The question arises whether any of these amounts (i)-(iv), can be treated as “qualified dividend income”? Full details about the tax beneficial treatment of “qualified dividend income” can be found here.
Qualified Dividend Income Treatment for Amounts from a CFC?
In 2004 the IRS issued Notice 2004-70 and addressed these points, concluding as follows:
“Qualified dividend income” treatment is accorded to both the actual dividends distributed to an individual shareholder from a CFC’s non-previously taxed earnings and profits (category (ii), above), as well as to the amounts treated as dividends upon sale of the CFC stock (category (iv), above), provided the CFC is otherwise a “qualified foreign corporation” as mandated under specific provisions of the Internal Revenue Code. Simply put this means, either that the corporation is eligible for treaty benefits under a comprehensive income tax treaty with the United States; or is a foreign corporation that is incorporated in a possession of the United States; or that the dividend was paid by the foreign corporation with respect to stock that is readily tradable on an established securities market in the United States.

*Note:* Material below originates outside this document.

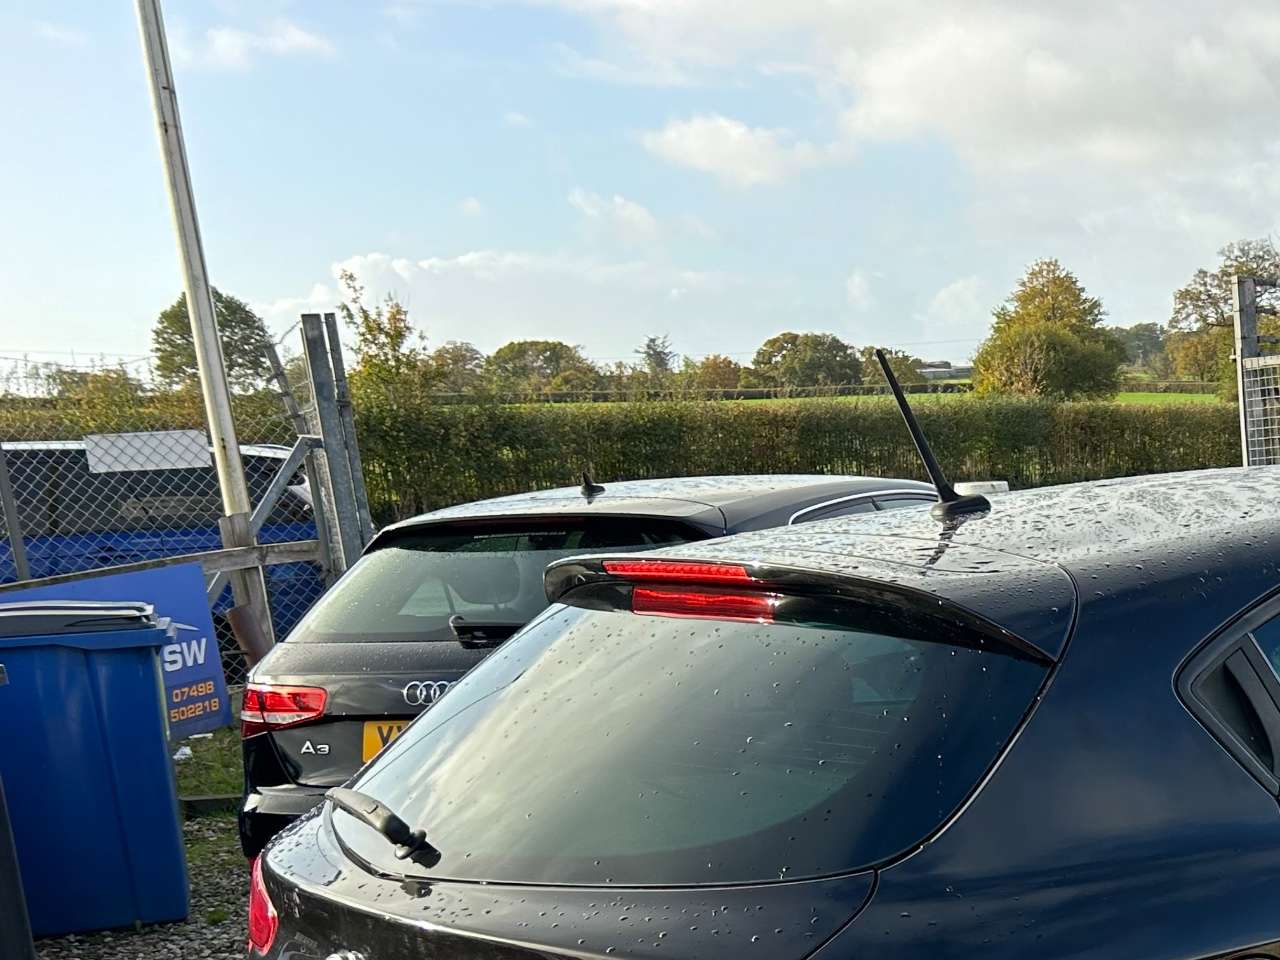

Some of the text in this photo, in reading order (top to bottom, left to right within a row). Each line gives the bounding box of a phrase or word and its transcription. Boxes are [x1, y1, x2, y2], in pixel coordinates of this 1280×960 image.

[172, 681, 214, 703] 07498
[170, 698, 219, 722] 502218
[300, 740, 330, 754] A3

With regard to category (i), these are current income inclusions from the CFC taxed as Subpart F income to the US shareholder under the anti-deferral regime. The IRS stated that these amounts are not characterized as “dividends” in the statutory provisions of the Internal Revenue Code. Rather, they are characterized as current income inclusions. As such, the IRS determined that such current inclusions are not dividends and therefore cannot constitute “qualified dividend income”. This means the amounts are taxed at the normal graduated income tax rates (currently as high as 39.6% and, don’t forget the possible application of the additional 3.8% Medicare surcharge, or NIIT!).
The position of the IRS was supported many years later by the Tax Court in the case of Osvaldo and Ana M. Rodriguez v. Commissioner, 137 T.C. No. 14 (2011). The Tax Court’s holding was premised on the fact that under the Internal Revenue Code, a “dividend” involves a change in ownership of corporate property (i.e., there is a transfer of property from the corporation to its shareholder). The current inclusion of a CFC’s earnings in its shareholder’s income involves no such change of ownership. Subpart F income is taxable to a CFC’s US shareholder pursuant to statutory provisions, without any actual distribution of the income from the corporation. Thus, the Tax Court held that Subpart F income cannot qualify as a dividend and accordingly cannot be “qualified dividend” income.
With regard to category (iii), these are distributions of previously taxed Subpart F income that are not taxed again when actually paid to the shareholder pursuant to a specific section of the Internal Revenue Code (Section 959(a)). The IRS determined that since these amounts are specifically excluded from a shareholder’s gross income, they are not subject to tax and so, are not “dividends”. As such, they cannot constitute “qualified dividend income”.